▸ **WHAT YOU ARE ASKED TO DO**
Leave the pictures out. Return the rest of the listing below exactly.

▸ **DATA FOR ANALYSIS**
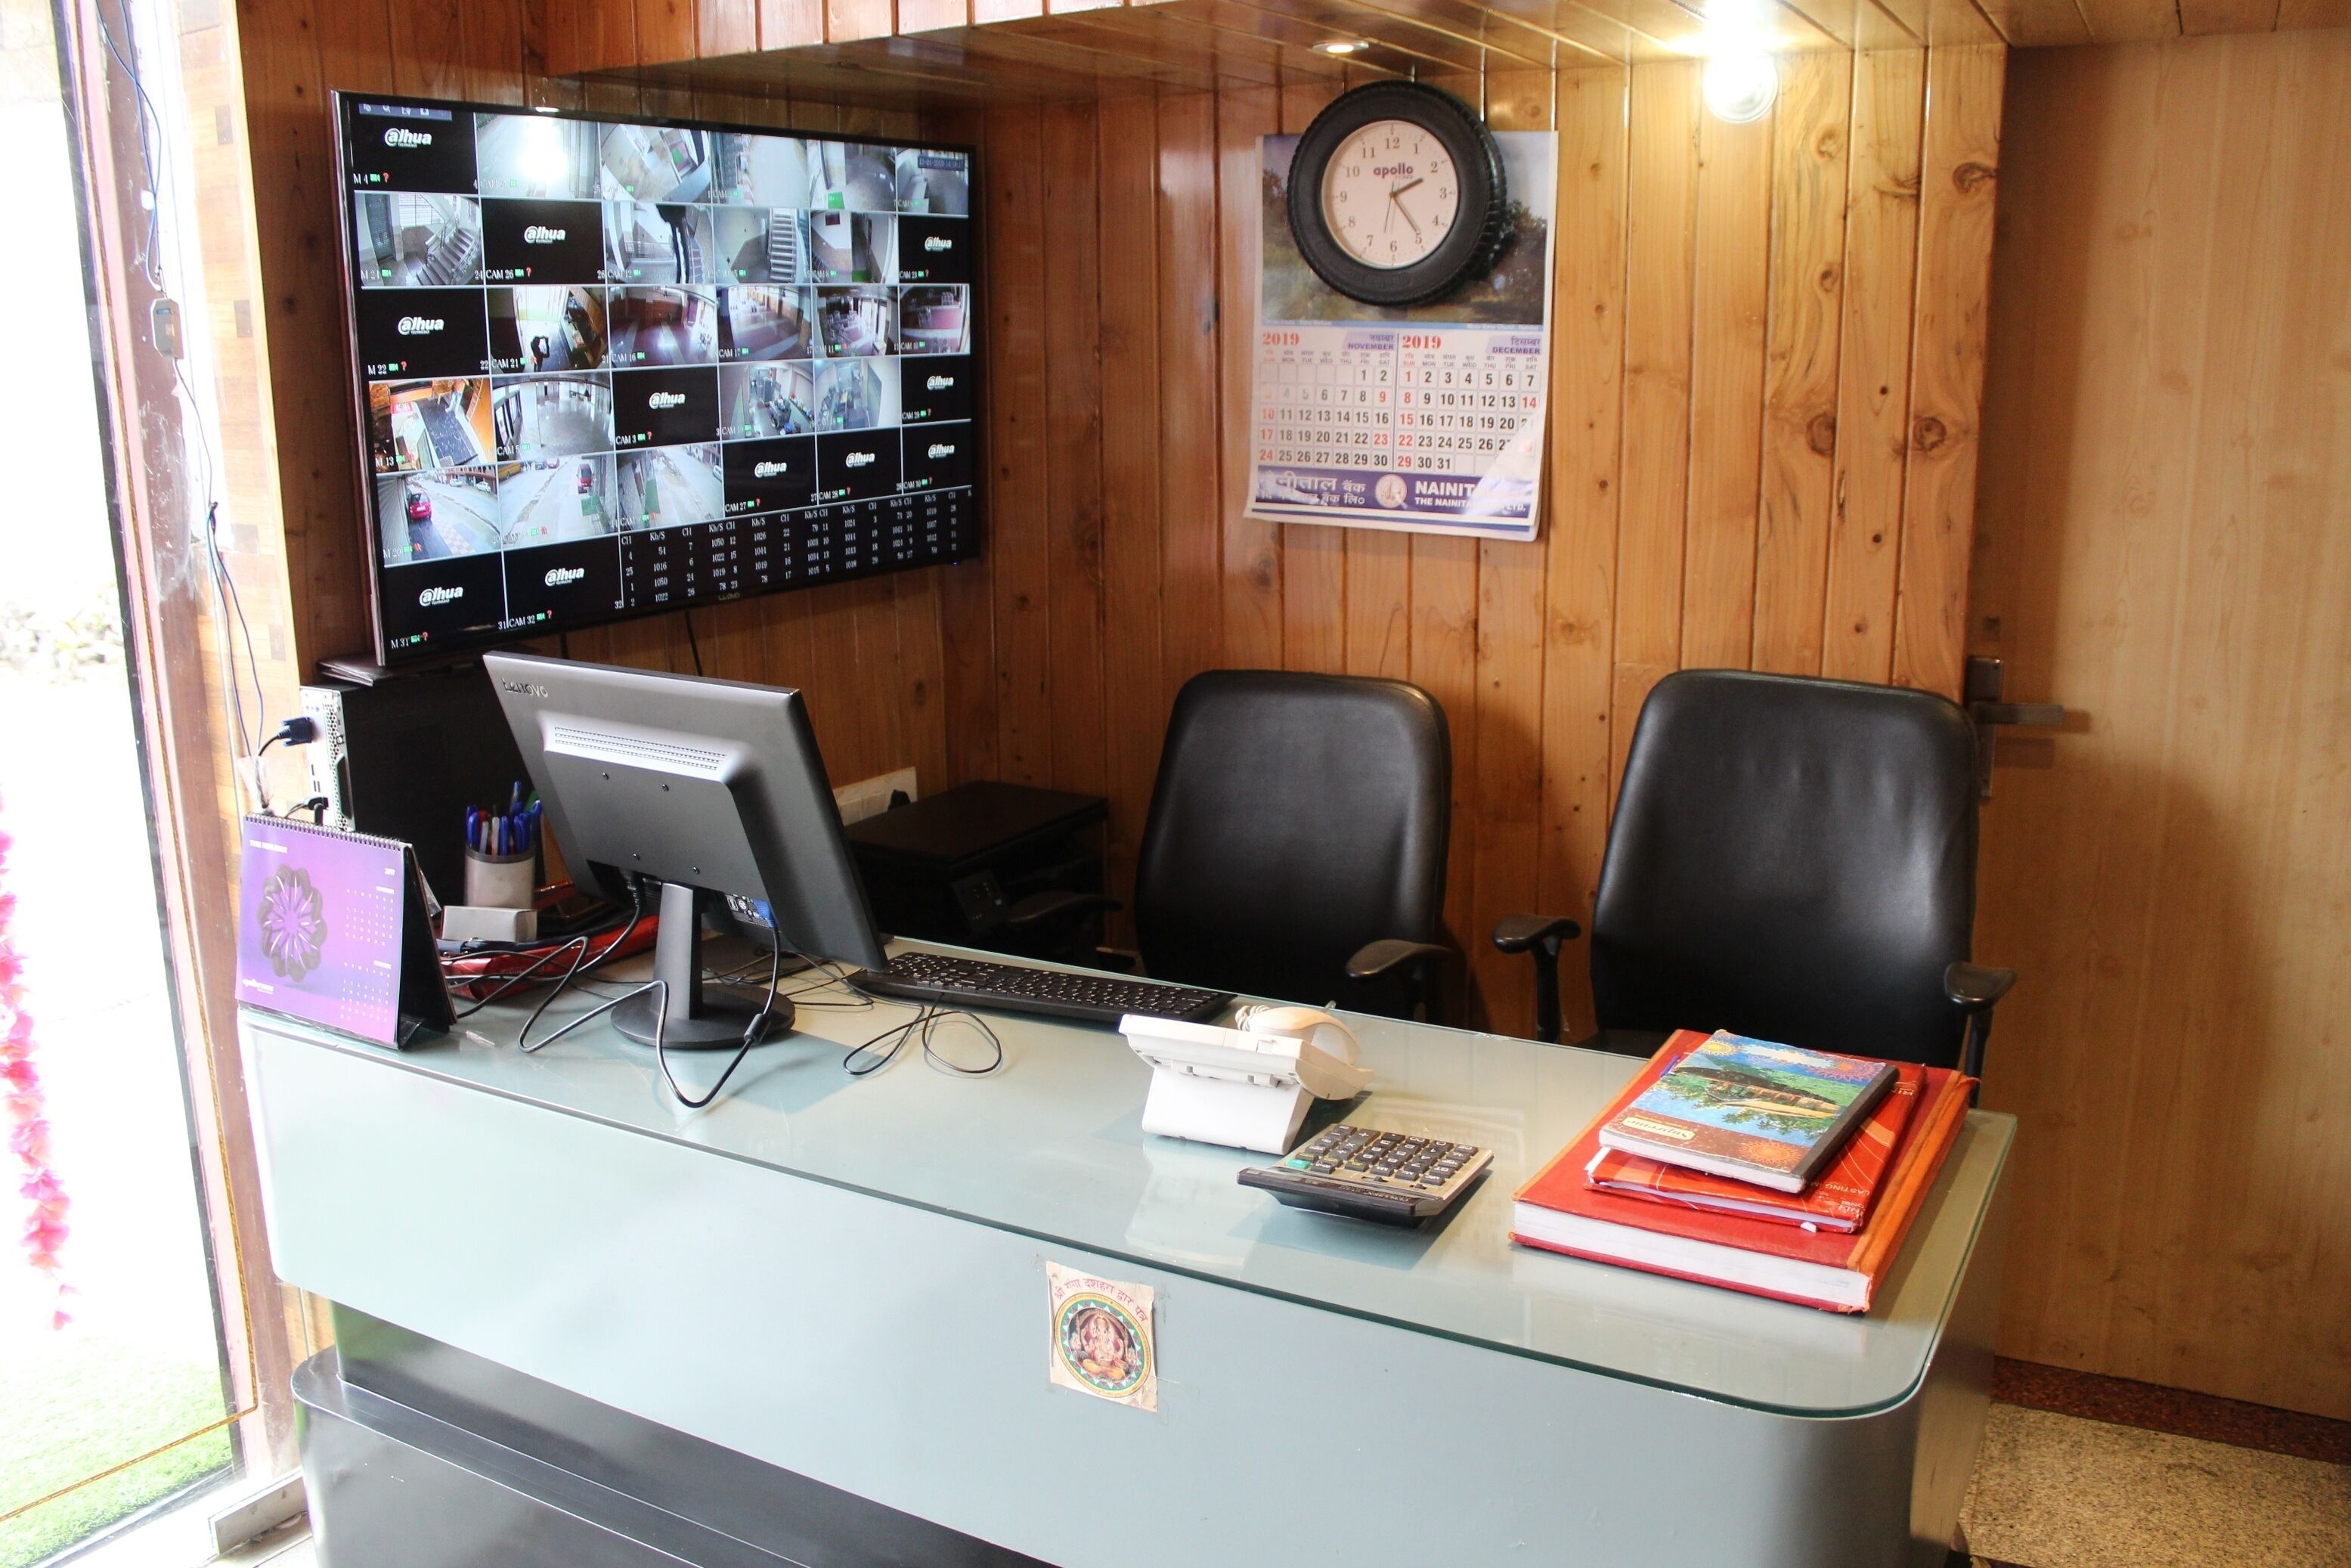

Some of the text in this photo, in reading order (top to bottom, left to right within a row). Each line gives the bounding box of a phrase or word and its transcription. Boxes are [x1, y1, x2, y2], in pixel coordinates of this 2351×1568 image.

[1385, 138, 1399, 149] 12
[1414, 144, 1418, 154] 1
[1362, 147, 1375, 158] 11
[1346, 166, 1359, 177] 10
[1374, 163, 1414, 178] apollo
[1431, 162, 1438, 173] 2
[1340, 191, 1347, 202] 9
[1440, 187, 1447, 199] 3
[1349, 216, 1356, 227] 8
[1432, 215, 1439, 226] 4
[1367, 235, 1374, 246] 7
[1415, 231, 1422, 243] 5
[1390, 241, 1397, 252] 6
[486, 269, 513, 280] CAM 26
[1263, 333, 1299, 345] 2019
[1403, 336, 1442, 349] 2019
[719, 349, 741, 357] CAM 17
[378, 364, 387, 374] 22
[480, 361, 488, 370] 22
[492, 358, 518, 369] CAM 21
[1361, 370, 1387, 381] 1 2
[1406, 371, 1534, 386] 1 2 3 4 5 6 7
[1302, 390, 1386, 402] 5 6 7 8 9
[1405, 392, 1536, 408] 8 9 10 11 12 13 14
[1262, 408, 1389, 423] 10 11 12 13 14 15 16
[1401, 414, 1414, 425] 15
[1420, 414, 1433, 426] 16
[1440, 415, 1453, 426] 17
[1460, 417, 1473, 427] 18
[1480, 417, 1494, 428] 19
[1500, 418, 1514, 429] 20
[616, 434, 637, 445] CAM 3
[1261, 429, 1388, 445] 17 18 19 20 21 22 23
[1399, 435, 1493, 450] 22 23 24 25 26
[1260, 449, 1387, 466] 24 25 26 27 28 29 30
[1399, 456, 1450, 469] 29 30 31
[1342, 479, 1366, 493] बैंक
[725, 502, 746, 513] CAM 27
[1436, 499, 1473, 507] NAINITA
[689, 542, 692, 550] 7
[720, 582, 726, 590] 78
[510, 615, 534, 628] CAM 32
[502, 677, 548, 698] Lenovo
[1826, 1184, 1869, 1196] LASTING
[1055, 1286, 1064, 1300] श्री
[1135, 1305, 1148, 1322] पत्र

▸ **SOLUTION FOR THIS EXERCISE**
Some of the text in this photo, in reading order (top to bottom, left to right within a row). Each line gives the bounding box of a phrase or word and its transcription. Boxes are [x1, y1, x2, y2], in pixel coordinates of this 2351×1568 image.

[1385, 138, 1399, 149] 12
[1414, 144, 1418, 154] 1
[1362, 147, 1375, 158] 11
[1346, 166, 1359, 177] 10
[1374, 163, 1414, 178] apollo
[1431, 162, 1438, 173] 2
[1340, 191, 1347, 202] 9
[1440, 187, 1447, 199] 3
[1349, 216, 1356, 227] 8
[1432, 215, 1439, 226] 4
[1367, 235, 1374, 246] 7
[1415, 231, 1422, 243] 5
[1390, 241, 1397, 252] 6
[486, 269, 513, 280] CAM 26
[1263, 333, 1299, 345] 2019
[1403, 336, 1442, 349] 2019
[719, 349, 741, 357] CAM 17
[378, 364, 387, 374] 22
[480, 361, 488, 370] 22
[492, 358, 518, 369] CAM 21
[1361, 370, 1387, 381] 1 2
[1406, 371, 1534, 386] 1 2 3 4 5 6 7
[1302, 390, 1386, 402] 5 6 7 8 9
[1405, 392, 1536, 408] 8 9 10 11 12 13 14
[1262, 408, 1389, 423] 10 11 12 13 14 15 16
[1401, 414, 1414, 425] 15
[1420, 414, 1433, 426] 16
[1440, 415, 1453, 426] 17
[1460, 417, 1473, 427] 18
[1480, 417, 1494, 428] 19
[1500, 418, 1514, 429] 20
[616, 434, 637, 445] CAM 3
[1261, 429, 1388, 445] 17 18 19 20 21 22 23
[1399, 435, 1493, 450] 22 23 24 25 26
[1260, 449, 1387, 466] 24 25 26 27 28 29 30
[1399, 456, 1450, 469] 29 30 31
[1342, 479, 1366, 493] बैंक
[725, 502, 746, 513] CAM 27
[1436, 499, 1473, 507] NAINITA
[689, 542, 692, 550] 7
[720, 582, 726, 590] 78
[510, 615, 534, 628] CAM 32
[502, 677, 548, 698] Lenovo
[1826, 1184, 1869, 1196] LASTING
[1055, 1286, 1064, 1300] श्री
[1135, 1305, 1148, 1322] पत्र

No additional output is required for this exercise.